Persistent human Actinomycete pathogens, like Mycobacterium tuberculosis, are dynamically being reprogrammed to survive H2O2 and HOCl (bleach) stress of our immune system. They engage various enzymatic strategies to fight off ROS and keep their intracellular redox state in homeostasis to prevent damage. A specific redox defense system in these bacteria is mycothiol (MSH), a low molecular weight (LMW) thiol molecule which serves as a glutathione (GSH) surrogate. MSH is critical for the oxidative stress defense of Actinomycetes, and we are unraveling the detailed mode of action of mycothiol electron transfer pathways of oxidative stress defense enzymes.

 
Oxidative stress tolerance in plants

Biotic and abiotic stresses cause significant agricultural yield losses worldwide, and accumulation of reactive oxygen species (ROS) can both cause damage on cellular components, inducing cell death, and act as signal molecules. Knowledge of the redox checkpoints in its signaling network will be invaluable in understanding how these pathways can be manipulated. The objective is to analyze the dynamics in the thiol-proteome under oxidative stress and in function of time by identifying the proteins that are modified by ROS on their cysteines, and to understand the structure/function of sensor proteins in complex with their target proteins.

 

Cancer: a redox disease

In cancer cells, high peroxide levels are dynamically outbalanced by up-regulated anti-oxidant systems, among which peroxiredoxins (Prx) play an important role. Prx are abundant and maintain the peroxide levels low, and Prx can act in redox relay complexes with other proteins. The transcription factor STAT3 is such an interacting protein, and it is aberrantly activated in numerous cancer cells, and promotes tumorigenesis. To bring the cancer cell out of balance, we will target specific regions involved in catalytic conformational change that trap Prx transducers in complex with their partner.
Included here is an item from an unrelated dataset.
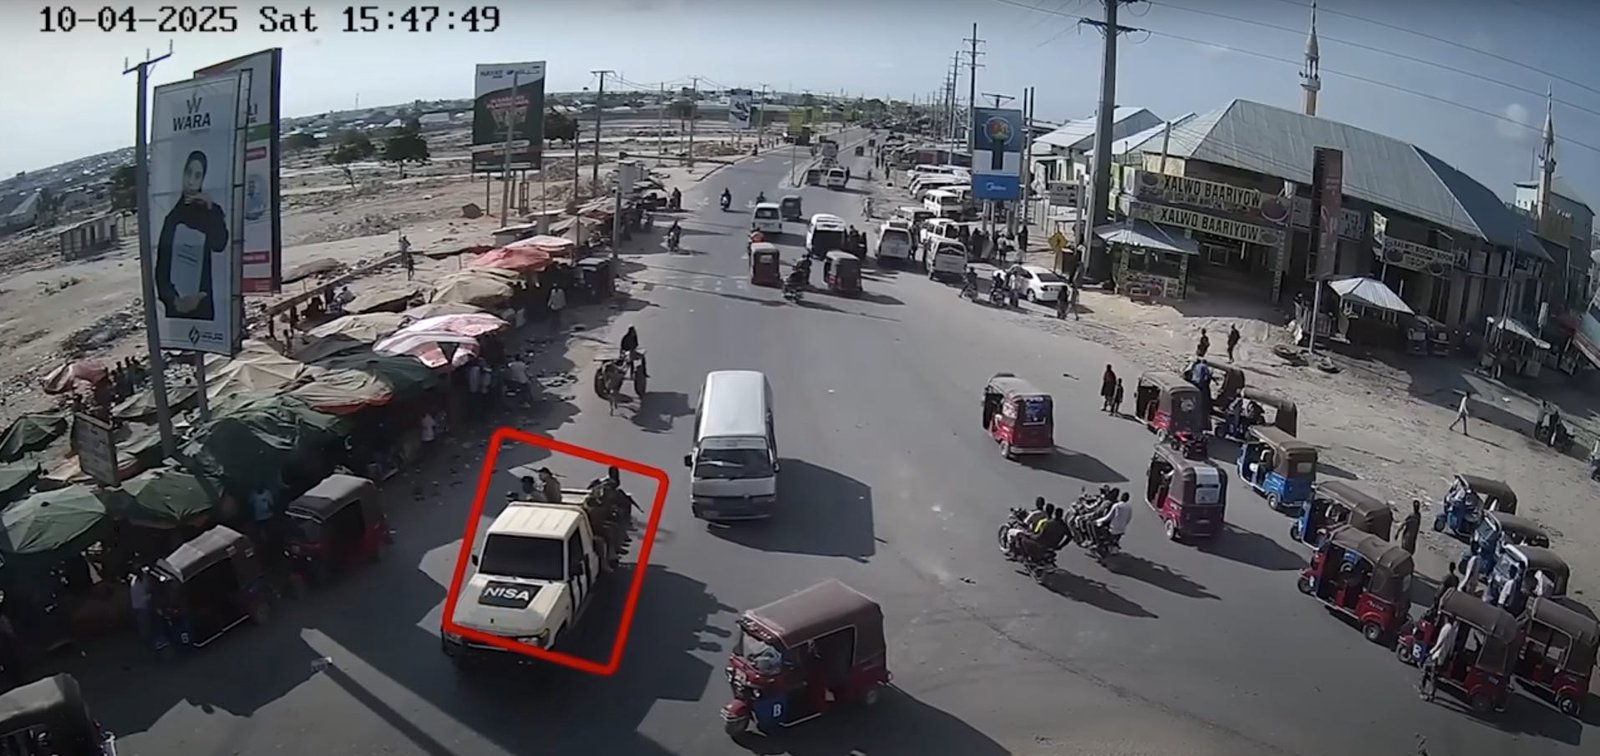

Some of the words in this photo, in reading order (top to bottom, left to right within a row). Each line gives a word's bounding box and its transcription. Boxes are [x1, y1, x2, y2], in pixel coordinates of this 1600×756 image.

  • Practical course ‘Redox Biology’ in the Interuniversity Programme in Molecular Biology (IPMB): From 2012 till now
  • Practical course on ‘Redox Biochemistry’ within the course “Proteïnechemie & Structuurbepaling”, 1st master year bio-engineering sciences: From 2003 till now.
  • ‘Advanced course of Protein Purification’ - 1st master year of Master of Science in Biomolecular Sciences: 2010-2011 and 2011-2012.
  • General Chemistry and Protein Chemistry - 1st master year Interuniversity Programme in Molecular Biology (IPMB): From 2012-2013 till now.